I’ve been overwhelmed lately with this “cancel culture” business. We’ve all made mistakes. We’ve all sinned, and we all will again. One of the great glories of life is that we can begin again. Our sorrow for our sins and awareness of our weaknesses keeps helping us get better and be better. But we increasingly forget this. More and more, it seems the loudest voices in culture won’t make room for growth and redemption. And so, people despair because they think they are stuck. And things on the news don’t help, as we’re all sucked into more terrible news and anger.
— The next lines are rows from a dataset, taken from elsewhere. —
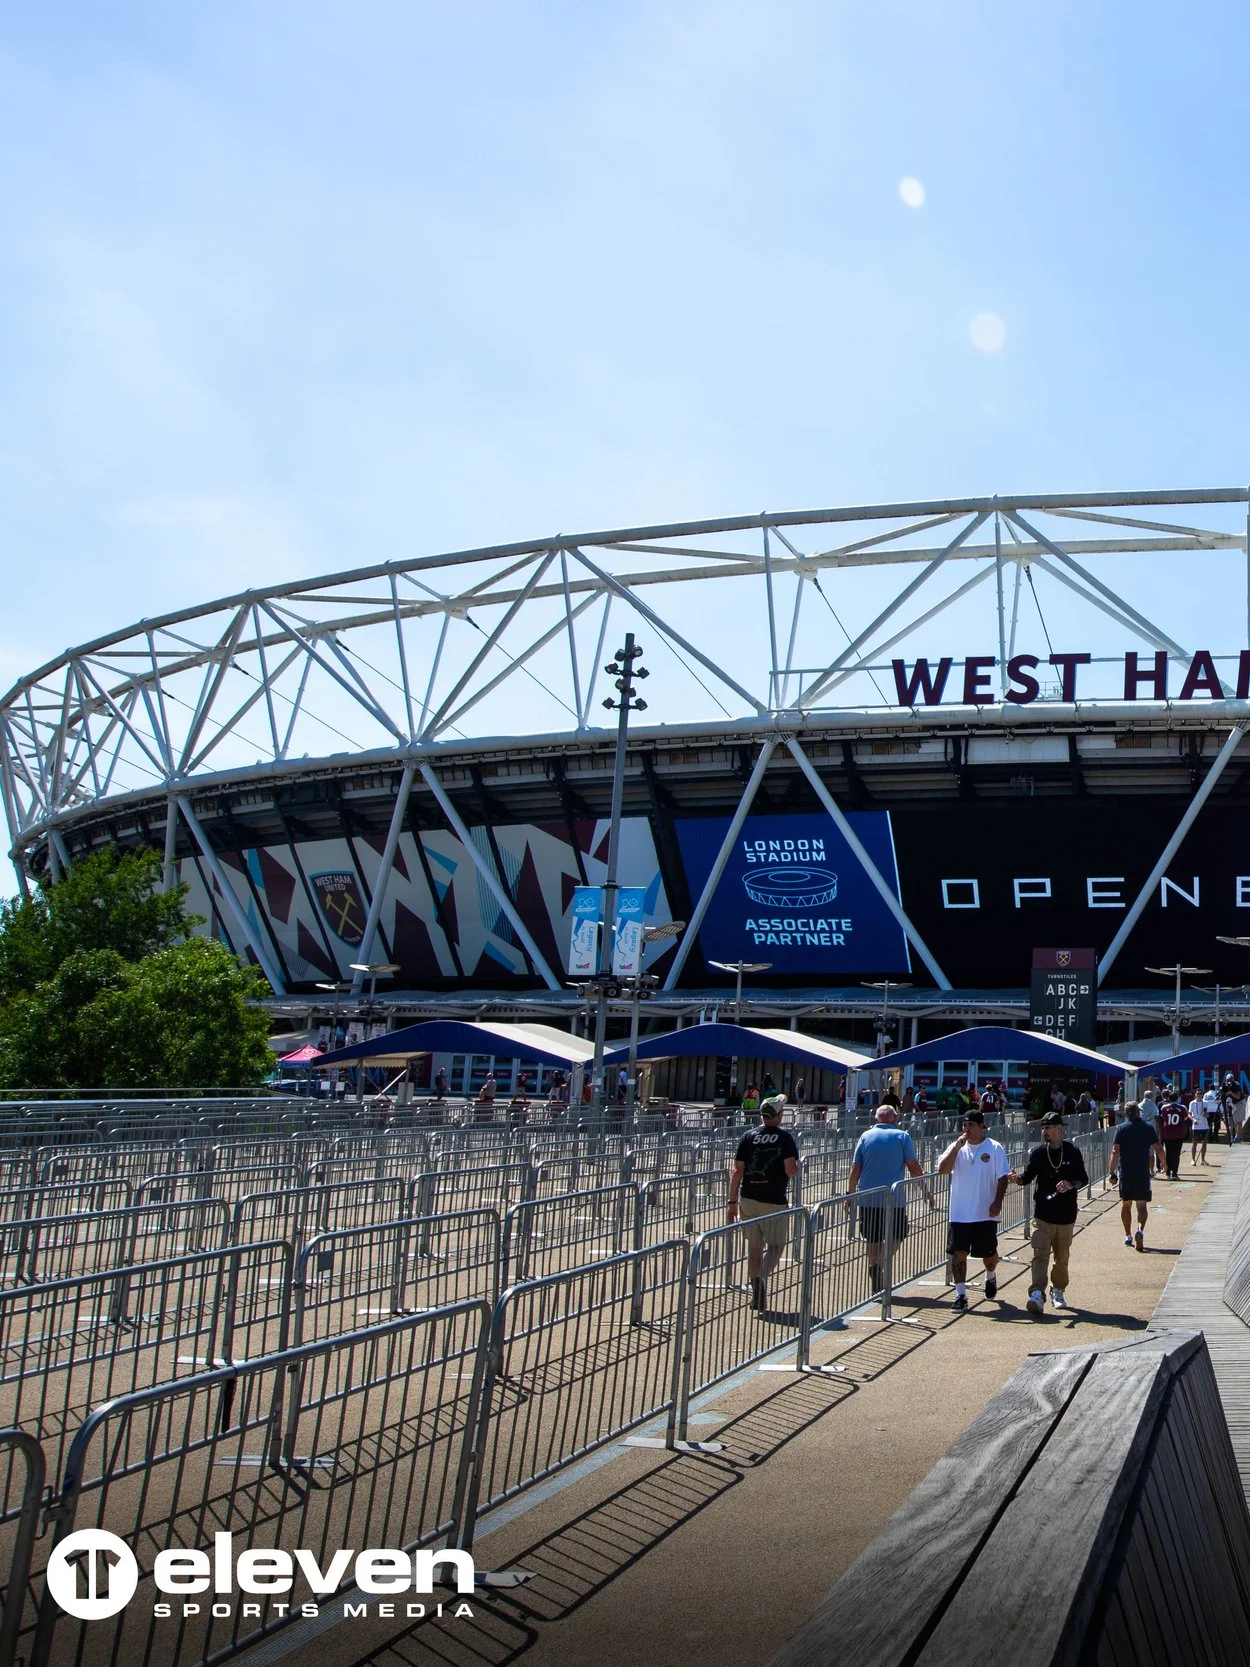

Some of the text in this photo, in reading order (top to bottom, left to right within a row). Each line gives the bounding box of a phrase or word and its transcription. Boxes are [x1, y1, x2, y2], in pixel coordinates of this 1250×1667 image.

[892, 652, 1091, 707] WEST
[743, 839, 825, 852] LONDON
[746, 851, 826, 863] STADIUM
[315, 875, 352, 887] WEST HAM
[324, 884, 346, 892] UNITED
[745, 918, 853, 931] ASSOCIATE
[586, 926, 596, 952] Legacy
[629, 927, 639, 953] Legacy
[753, 932, 846, 946] PARTNER
[1167, 1113, 1180, 1126] 10
[752, 1133, 779, 1145] 500
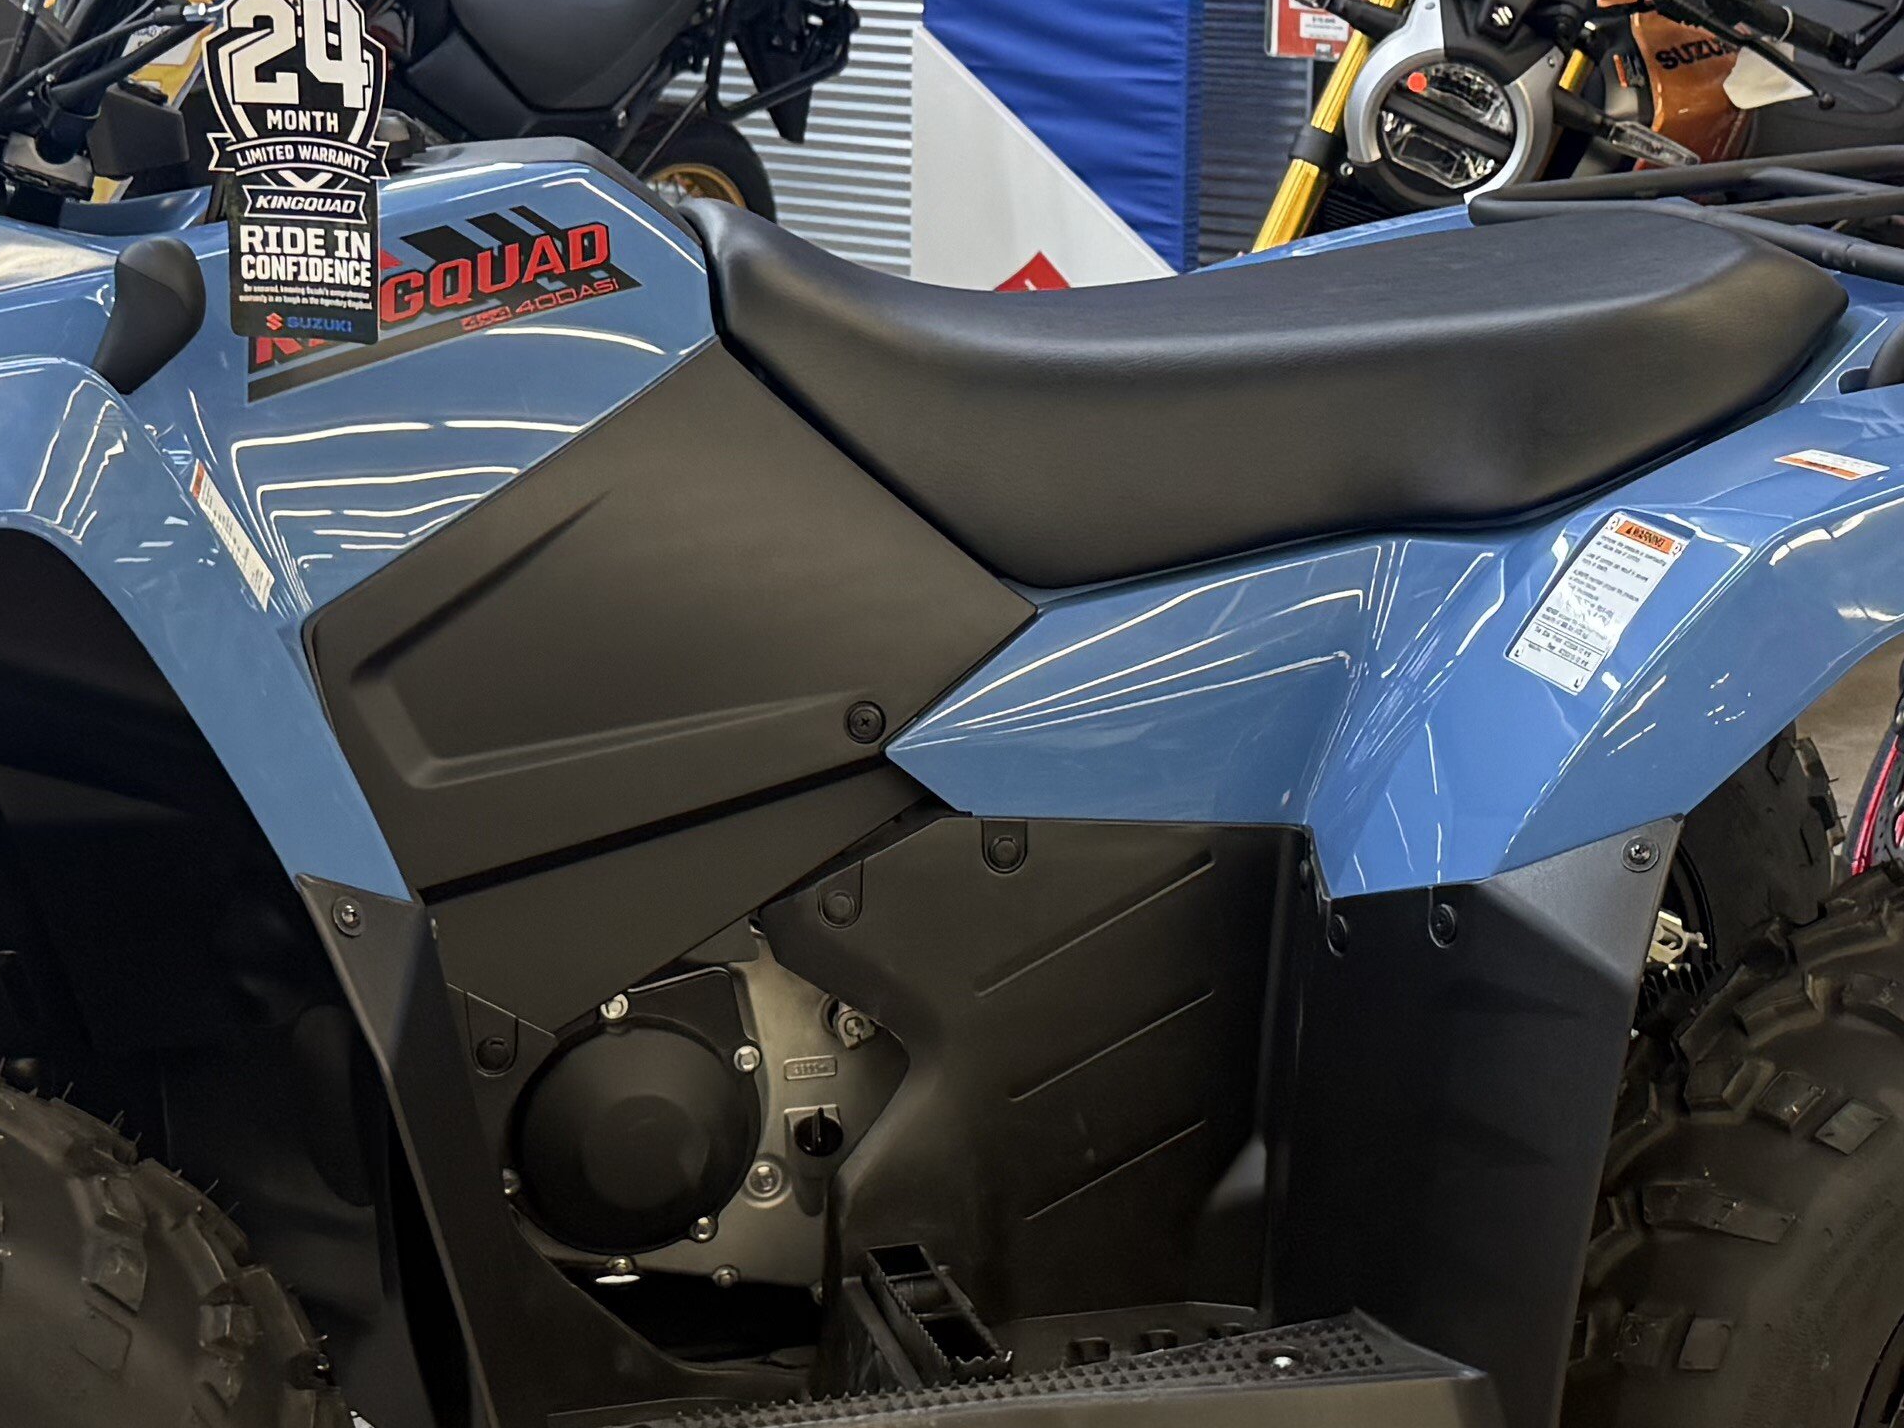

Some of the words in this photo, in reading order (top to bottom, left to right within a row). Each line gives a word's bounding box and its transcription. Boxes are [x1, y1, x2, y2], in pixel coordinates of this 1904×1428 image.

But did you notice the breath of fresh air recently? It was the day of the sentencing of former Dallas police officer Amber Guyger, who killed a man, Botham Jean, when she accidentally entered his apartment, thinking it was hers. I hope you’ve heard by now Jean’s brother’s testimony of forgiveness for Guyger. Brandt Jean said to Guyger in the courtroom: “I love you just like anyone else ... I personally want the best for you.” He went on to encourage her to give her life to Christ.

And then, as you may have seen, he hugged her. That was the love of God he displayed, and he was able to do so because he’s clearly encountered it in his own life. And you don’t have to believe in God to have some awe and gratitude about so much that exists, including the incredibly complex and wonderful human person!

This message of forgiveness and the invitation to give your life to Christ is powerful. And you don’t have to be Christian to appreciate it. We need this kind of radical love and forgiveness in our culture and lives.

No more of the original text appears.